I doubt Rowling calculated it that way, but if she did, she was being smart. Possibly, though, her calculations, if any, were as much or more ideological than monetary. She clearly is a liberal, claiming that one major theme of the HP series is tolerance and that another is suspicion of authority.
(For a discussion of these political aspects of the books, see Keith Olbermann’s October 22 Countdown segment on the Dumbledore outing, in transcript or video form.)
Consider what outing Dumbledore after the book series ended implies. There are undoubtedly millions of children in this country whose parents oppose equality for homosexuals. Many of those children now have all seven books lined up on their bedroom shelves, and they may own several HP franchise products, including DVDs. They adore this series. For many the books are probably their favorite cultural artifact in the world. Now picture what would happen if those ultra-conservative parents march in and declare that everything Potter is going in the garbage because it’s immoral, pro-gay propaganda—or less pleasant terms to that effect.
I can imagine three basic reactions.
One, the child will respond, yes, take these terrible books away, they’re bad for me. Ned Flanders’ sons would say that. Maybe a few others would. Such kids are already indoctrinated, and we will just have to hope that they leave home someday and discover more enlightened views.
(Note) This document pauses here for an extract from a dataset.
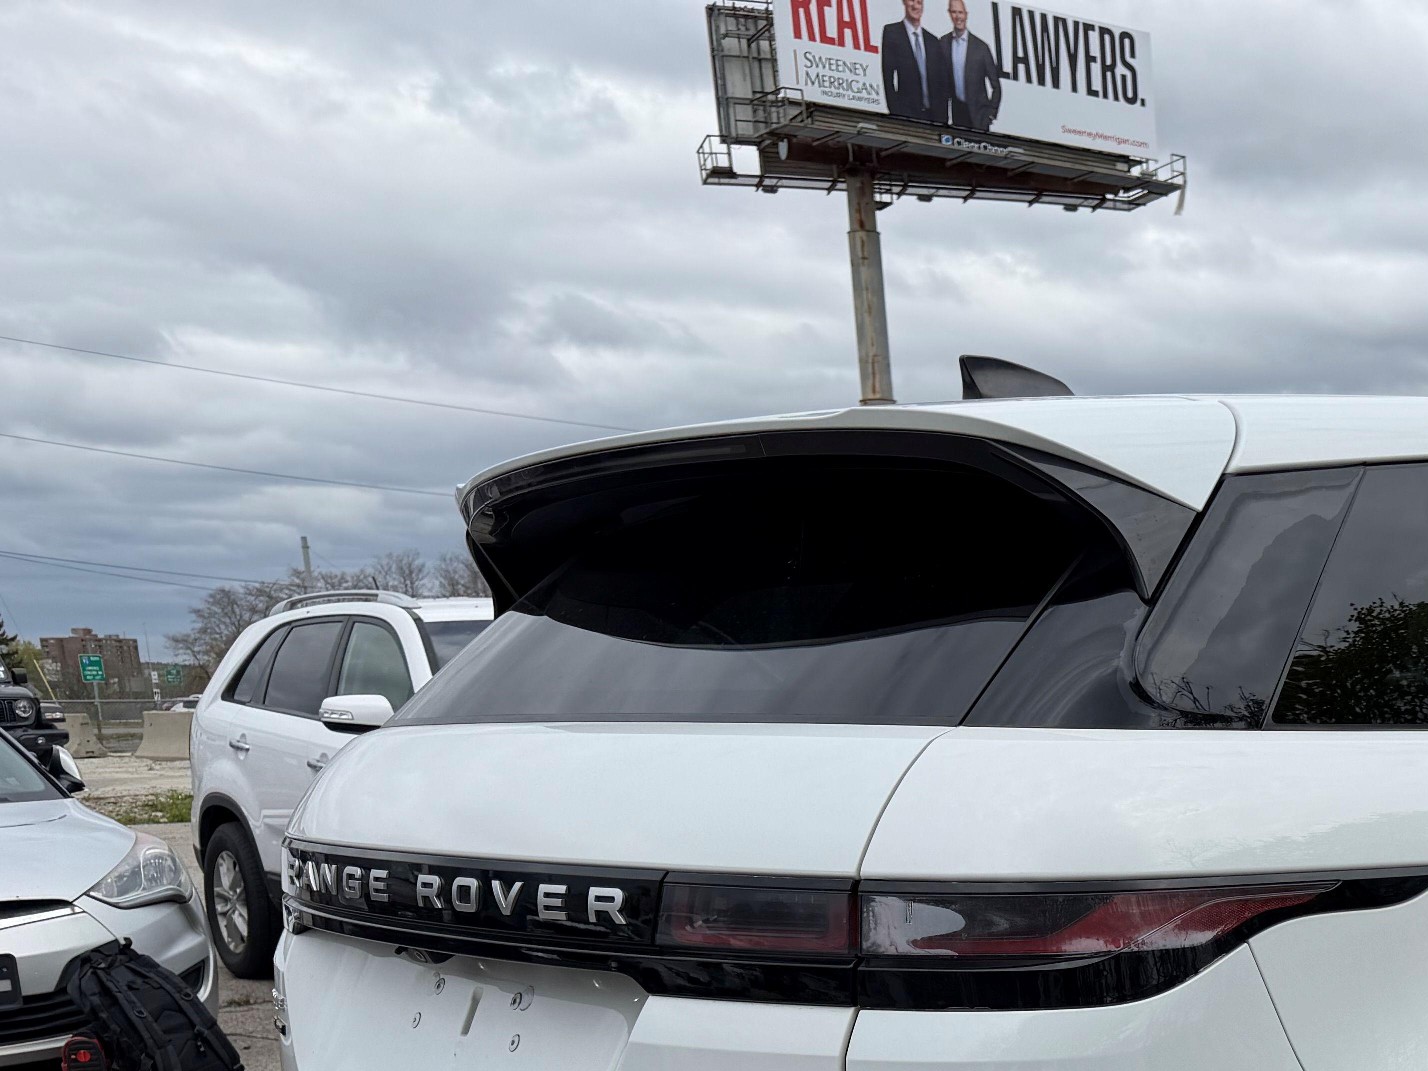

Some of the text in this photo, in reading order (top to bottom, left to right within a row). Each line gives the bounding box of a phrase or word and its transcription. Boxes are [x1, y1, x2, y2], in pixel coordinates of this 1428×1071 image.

Two, the child starts crying, arguing, and defending the books. The parents give up and go away. Now this child of ultra-conservative parents has and will likely re-read a book series whose content–at least according to Rowling–runs counter to their parents’ beliefs. A tiny victory for tolerance, repeated in many homes across the land. Perhaps Rowling’s series will help guide such children, if only in a small way, to be less bigoted than their parents. Indeed, there is reason to hope so. Opposition to gay marriage is already less widespread among young evangelicals than among the older generation, with 81% of those above 30 opposed, 76% among those under 30.
Three, the child starts crying, arguing, and defending the books. The parents are adamant and dispose of all the books and paraphernalia. As a result, the child is upset by a homophobic act. Some such children may grow up primed to realize that homophobia is a bad thing. Others will presumably recover and become as intolerant as their parents.
I suppose there might be some way that a child who has already read the books could become even less tolerant of homosexuality as a result of Dumbledore’s turning out to be gay. It’s hard to believe, but maybe it could happen. On the whole, though, Rowling’s revelation creates a win-tie situation. Kids are either influenced for the good or they remain the same. She has smuggled liberal ideas into the heart of the enemy’s camp in a form that will be difficult to eradicate.
How much can a mere book series, along with its attendant films and franchise products, affect society’s attitudes toward something as important as equal rights for homosexuals? It’s hard to say. On rare occasions, books do have a real impact in society. Harriet Beecher Stowe’s 1852 novel Uncle Tom’s Cabin was a major factor in promoting abolitionism, the Civil War, and the freeing of the slaves. Apart from the Bible, it was the best-selling book of the nineteenth century. Perhaps a phenomenally popular liberal author of our own times can use her influence for good as well.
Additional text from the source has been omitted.